Até vá lá. Duas ou três vezes no ano se aguentava sem chiar ou fazer cara feia.

Havia algumas vizinhas, como representantes da Avon, por exemplo, que literalmente se penduravam no telefone alheio. Sentavam o rabo na poltrona e mandavam brasa.

– Toque de Amor? Tenho sim. Quantos você quer? E blá-blá-blá-blá…

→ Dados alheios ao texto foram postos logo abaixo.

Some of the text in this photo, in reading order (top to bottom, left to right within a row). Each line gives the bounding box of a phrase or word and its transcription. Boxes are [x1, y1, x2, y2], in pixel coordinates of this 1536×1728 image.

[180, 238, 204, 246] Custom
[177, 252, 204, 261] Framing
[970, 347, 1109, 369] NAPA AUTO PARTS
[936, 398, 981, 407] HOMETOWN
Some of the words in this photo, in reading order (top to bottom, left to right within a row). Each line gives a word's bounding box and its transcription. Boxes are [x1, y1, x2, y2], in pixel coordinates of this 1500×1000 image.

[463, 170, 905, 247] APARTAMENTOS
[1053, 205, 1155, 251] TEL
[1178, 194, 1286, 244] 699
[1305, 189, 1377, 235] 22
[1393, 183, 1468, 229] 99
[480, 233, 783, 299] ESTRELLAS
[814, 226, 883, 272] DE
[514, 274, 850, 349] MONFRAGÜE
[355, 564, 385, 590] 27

O pior é que muitas vezes recebiam ligações nas horas mais inconvenientes. Durante o almoço ou jantar era cruel. Ninguém gostava de mostrar ao vizinho o que comia. Segredo quase de confissão. Afinal pelo de comer dava pra saber a quantas andavam a situação financeira do outro. O telefone era sinal de uma vida mais ou menos e raríssimos eram os que podiam tê-lo. Havia gente que tinha um pra se mostrar. Se amostrar. Exibir-se. Era viva o luxo e morra o bucho. Passava por aperto, mas faltava pouco para atingir o orgasmo só em ouvir tocar e ter a certeza que o quarteirão inteiro ouvia o alarde do bicho.

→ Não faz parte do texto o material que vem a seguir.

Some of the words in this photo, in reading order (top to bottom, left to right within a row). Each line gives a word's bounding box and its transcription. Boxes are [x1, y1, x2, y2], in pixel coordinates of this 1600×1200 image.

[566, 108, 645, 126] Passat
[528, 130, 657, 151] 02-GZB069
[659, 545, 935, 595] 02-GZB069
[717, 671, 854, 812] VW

Plinio Pinheiro Neto, meu amigo com quem tiro dúvidas aqui e ali, me disse que quem primeiro teve telefone em Marabá foi Nagib Mutran, que era prefeito da cidade no final da década de 1950 e início de 1960. Ninguém ligava direto pra ninguém. Quem tivesse interesse em fazer uma ligação para falar com um personagem de outra família chique primeiro ligava para a atendente da Cotelpa (Companhia Telefônica do Pará), que por sua vez completava a ligação. Os telefones não tinham número. Apenas se pedia para ligar para a casa de fulano ou beltrano. A sede da Cotelpa funcionava em um prédio da Prefeitura, que na gestão de Maurino Magalhães negociou-se com a Igreja Assembleia, na esquina da 13 de maio com a Praça Duque de Caxias.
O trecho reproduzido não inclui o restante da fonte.